The Science of Resilience: Complexity, Risk Modeling and Systems, Wiley, 2025
Ted G. Lewis
ISBN: 978-1-394-35493-1
This book offers strategies for improving resilience, incorporating complexity theory, risk analysis and systems thinking with rigorous mathematical treatment.
The Science of Resilience is a compilation of more than 20 years of study of system collapses and catastrophes – a journey that began in 2002 when author Ted G. Lewis co-founded the Center For Homeland Defence and Security at the Naval Postgraduate School in California, and continued after his retirement in 2013.
Lewis is a computer scientist with expertise in applied complexity theory, homeland security, infrastructure systems, and early-stage start-up strategies. He has served in government, industry and academia over an extensive career.

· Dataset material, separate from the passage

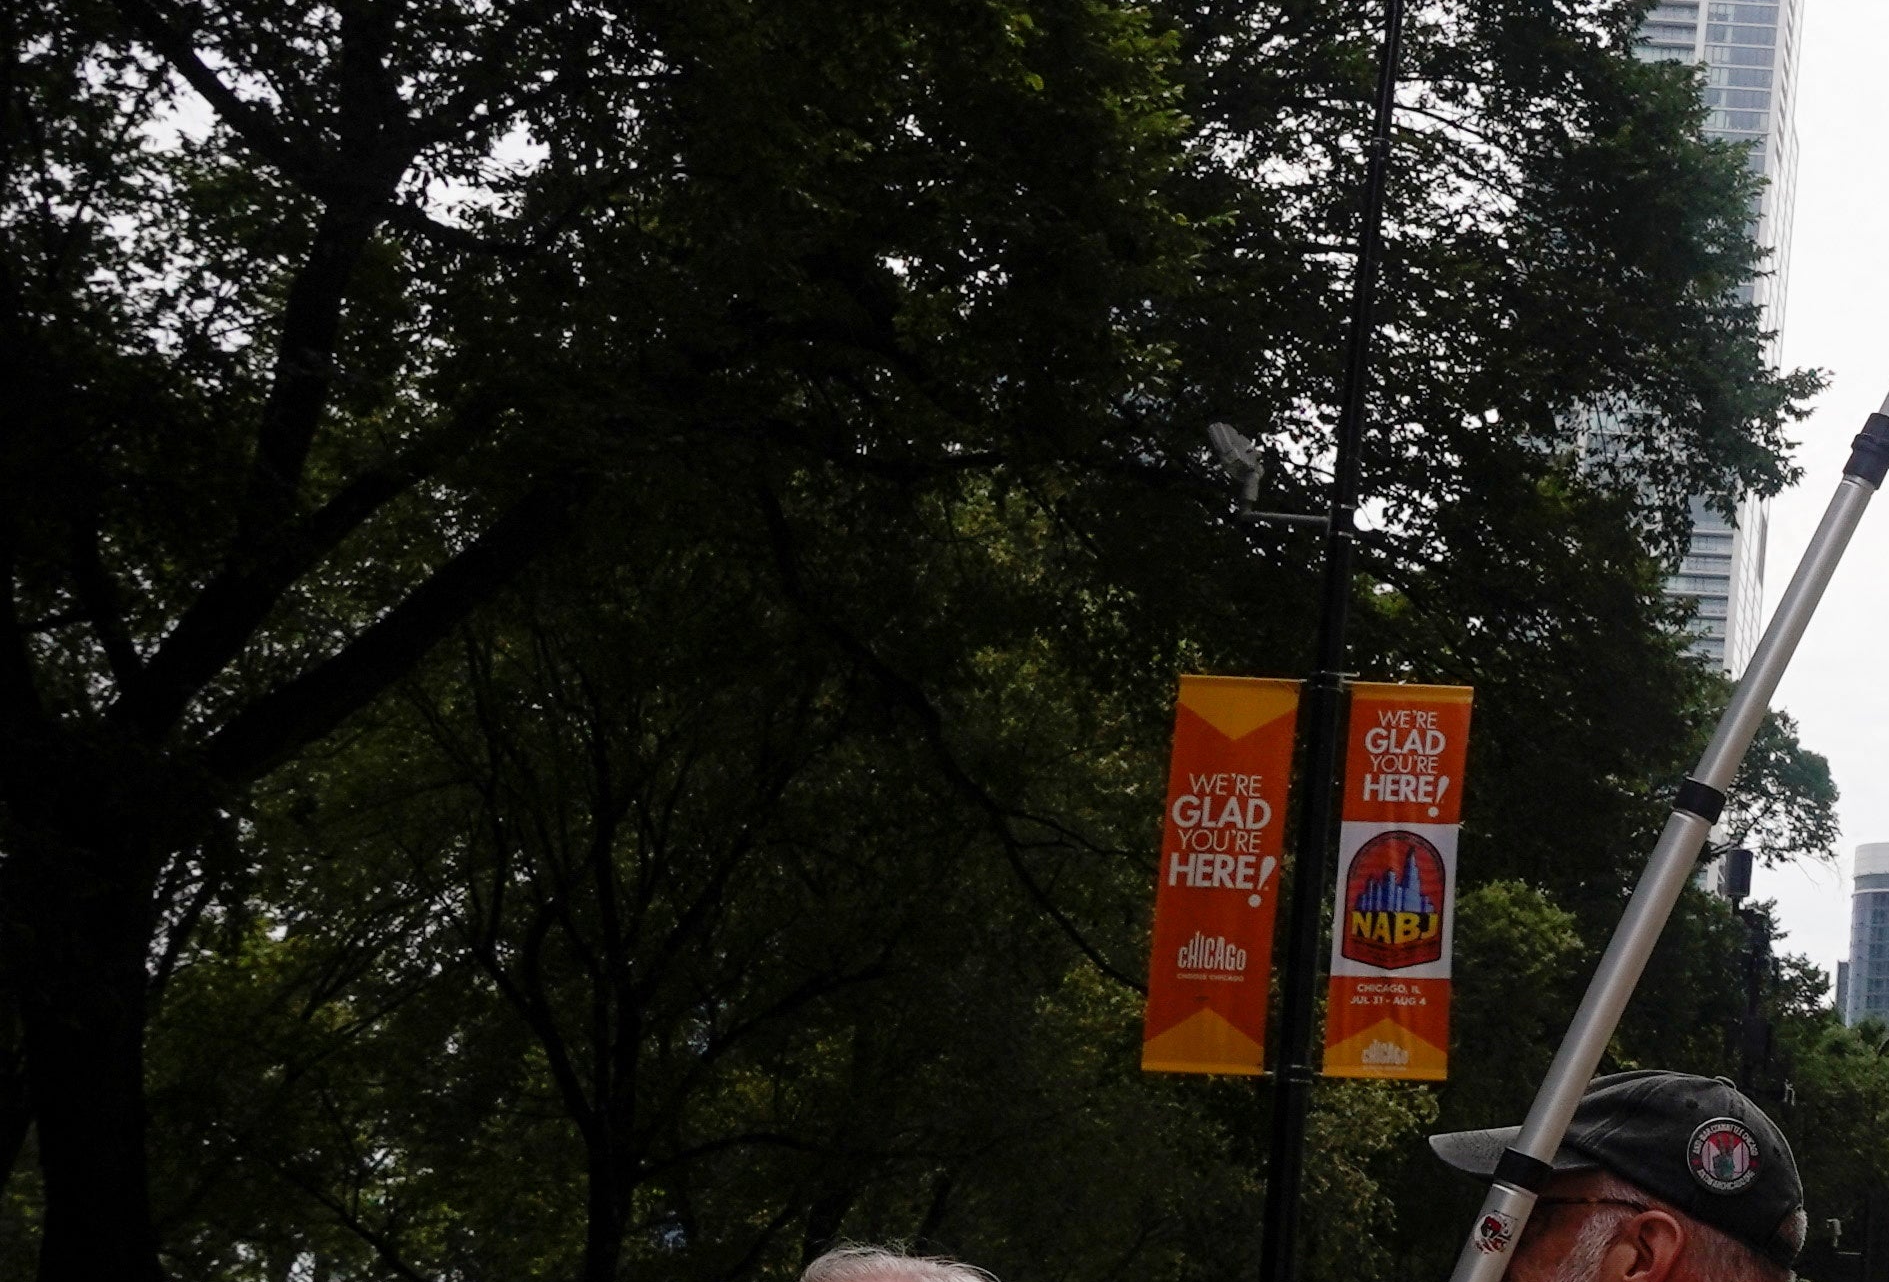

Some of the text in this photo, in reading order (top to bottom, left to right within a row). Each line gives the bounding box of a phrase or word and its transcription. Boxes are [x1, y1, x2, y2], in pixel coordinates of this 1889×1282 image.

“It has been a slowly evolving investigation of a theory and practice based on a rigorous understanding of system faults, fault propagation and collapse,” Lewis writes. “Why do some systems under stress fail while others do not?” His motivating factor was a belief that a large number of catastrophic events are built into the system; that is, the system itself is partially responsible for the disaster – a radical idea that Lewis says is slowly being accepted by practitioners and academics. “It is not an easy idea to accept because if the system is partly responsible for its own collapse, then it can be improved. Moreover, new systems can be constructed that are more resilient. More resilience implies less risk and fewer casualties.”
In seeking to find out how, Lewis focuses on three ideas that recur throughout the book: self‐organisation inherent in all systems; phase transition or the culmination of stress that reaches a critical tipping point beyond which consequences increase exponentially; and the realisation that structure matters – connectivity and the topology of a system that largely determines its response to stress.
This is a book that approaches resilience as a systems problem, examined through models, analogies and worked examples drawn from physics, ecology, engineering, finance and cyber security. The opening chapter sets the tone with the sandpile metaphor, using self-organised criticality to explain how minor shocks can trigger disproportionate losses. From there, the author moves into formal tools such as exceedance probability, fault trees and network theory.
Case material anchors his theories. The California Wildfires illustrate phase change and percolation, the Covid-19 pandemic is framed as a biological avalanche, while the 2008 financial crisis illustrates what happens when systems become too connected to fail.
Throughout the book, Lewis returns to recurring mechanisms: clustering, bottlenecks, spectral radius, competitive exclusion and the Braess paradox. Each chapter adds another layer, showing how optimisation can erode slack, how redundancy reshapes kill chains, and how blocking critical nodes can dampen cascades.
By using mathematical models and real-world examples, the book provides practical tools and strategies for designing resilient systems that can adapt and thrive in the face of uncertainty.